§ Entries shown
*** Begin section ***
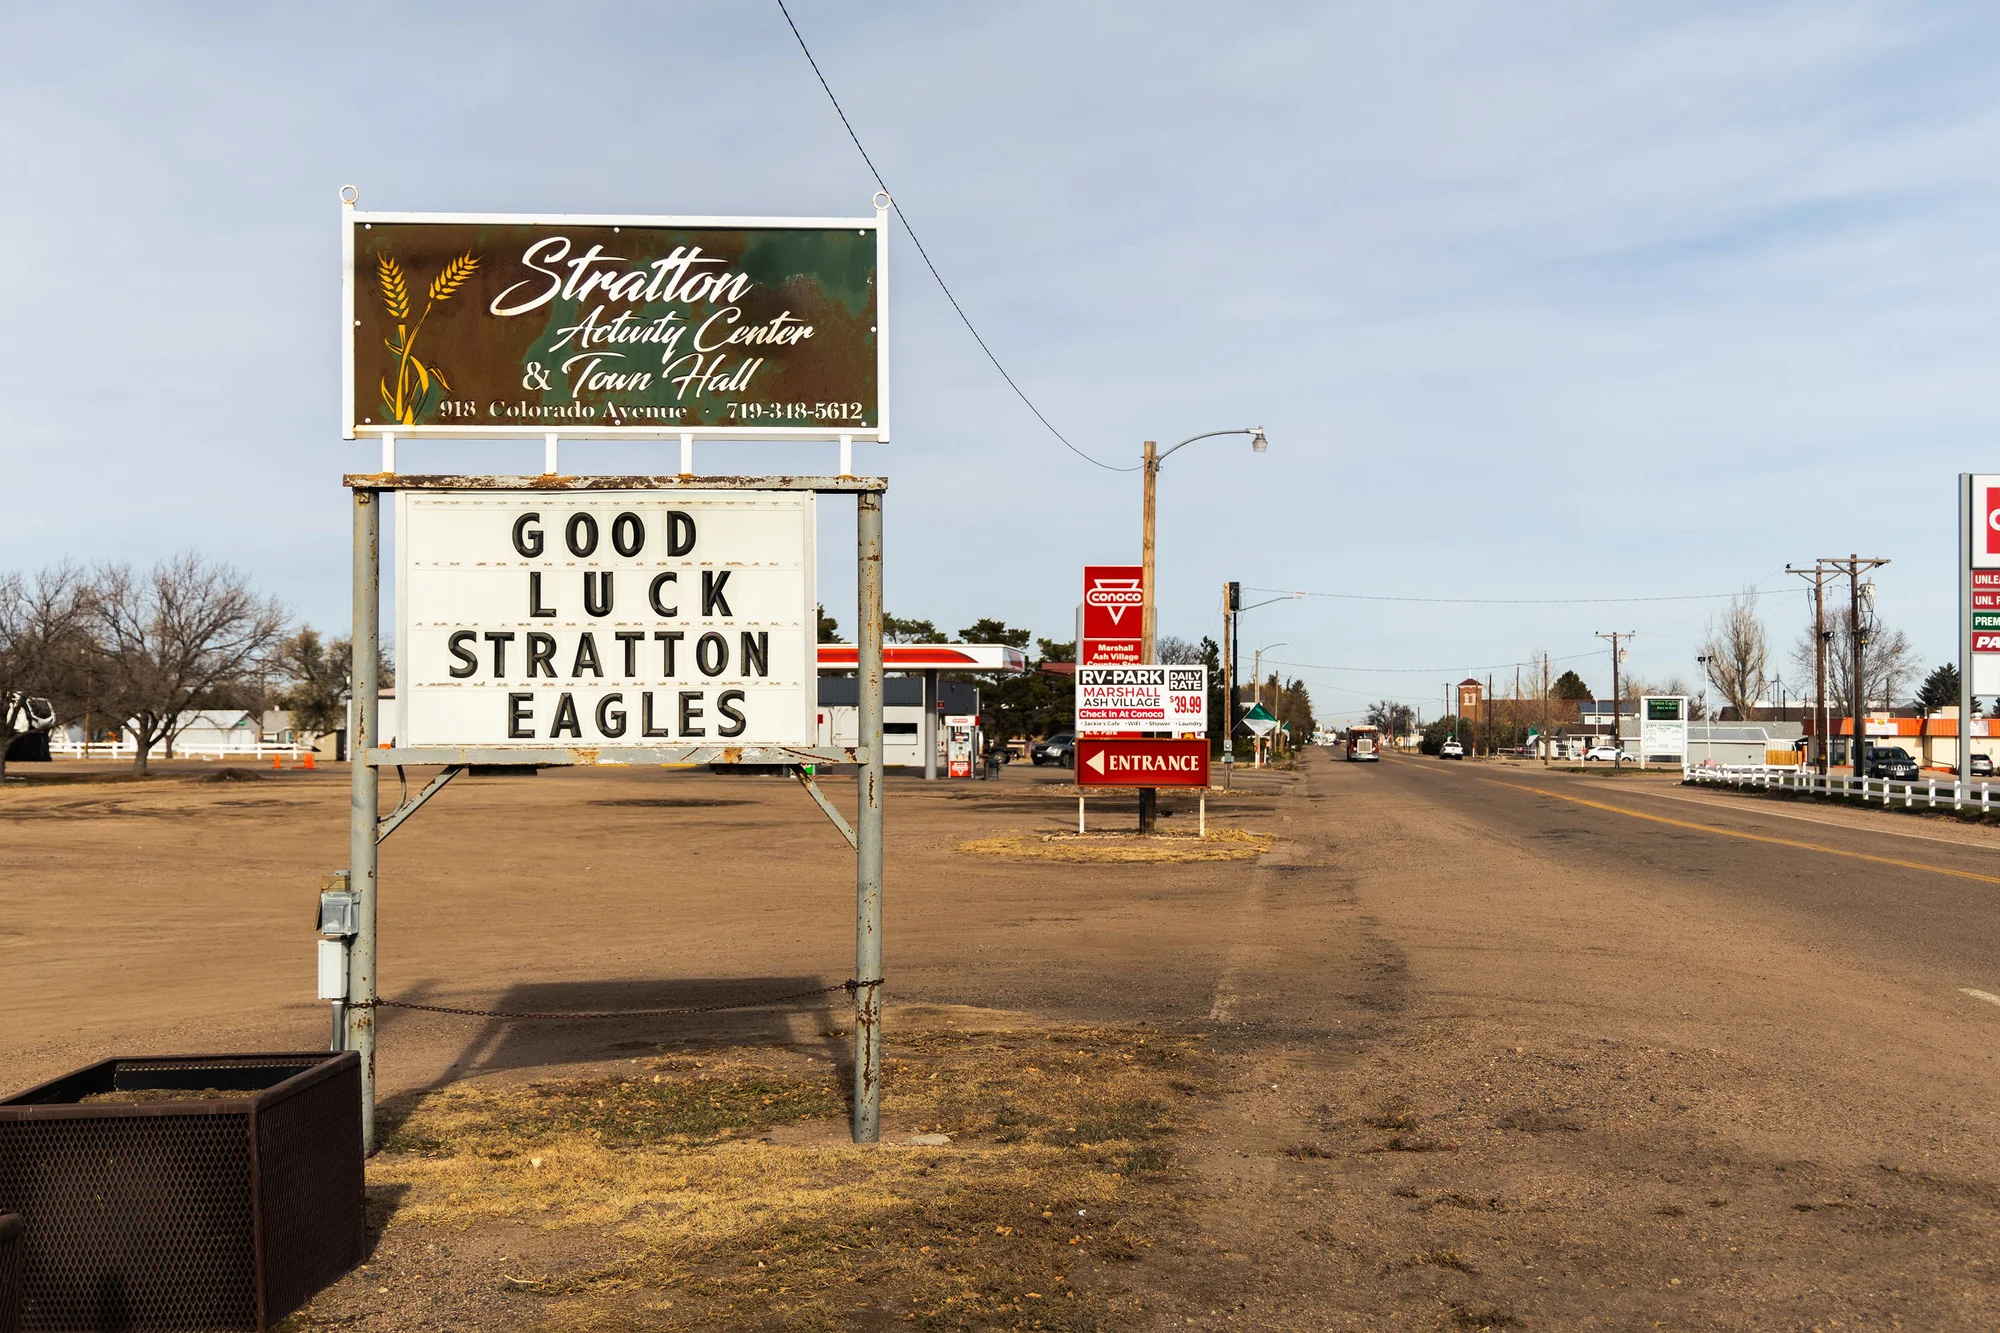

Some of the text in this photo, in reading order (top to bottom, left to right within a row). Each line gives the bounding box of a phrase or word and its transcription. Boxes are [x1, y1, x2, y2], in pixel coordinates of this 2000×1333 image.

[490, 236, 753, 316] Stratton
[549, 305, 815, 364] Activity Center
[522, 352, 764, 400] & Town Hall
[440, 400, 863, 420] 918 Colorado Avenue 719-348-5612
[512, 511, 697, 558] GOOD
[529, 571, 733, 618] LUCK
[1975, 596, 1994, 605] UNL
[448, 630, 768, 678] STRATTON
[1110, 653, 1139, 661] Village
[1082, 671, 1162, 684] RV-PARK
[1170, 672, 1201, 680] DAILY
[1084, 687, 1161, 697] MARSHALL
[1170, 681, 1201, 690] RATE
[1084, 698, 1160, 707] ASH VILLAGE
[1169, 695, 1201, 713] $39.99
[508, 690, 747, 738] EAGLES
[1080, 710, 1164, 718] Check In At Conoco
[1109, 755, 1200, 771] ENTRANCE
*** End section ***
§ What you are asked to do
Set the material down exactly, images excluded.

§ Written answer
Some of the text in this photo, in reading order (top to bottom, left to right within a row). Each line gives the bounding box of a phrase or word and its transcription. Boxes are [x1, y1, x2, y2], in pixel coordinates of this 2000×1333 image.

[490, 236, 753, 316] Stratton
[549, 305, 815, 364] Activity Center
[522, 352, 764, 400] & Town Hall
[440, 400, 863, 420] 918 Colorado Avenue 719-348-5612
[512, 511, 697, 558] GOOD
[529, 571, 733, 618] LUCK
[1975, 596, 1994, 605] UNL
[448, 630, 768, 678] STRATTON
[1110, 653, 1139, 661] Village
[1082, 671, 1162, 684] RV-PARK
[1170, 672, 1201, 680] DAILY
[1084, 687, 1161, 697] MARSHALL
[1170, 681, 1201, 690] RATE
[1084, 698, 1160, 707] ASH VILLAGE
[1169, 695, 1201, 713] $39.99
[508, 690, 747, 738] EAGLES
[1080, 710, 1164, 718] Check In At Conoco
[1109, 755, 1200, 771] ENTRANCE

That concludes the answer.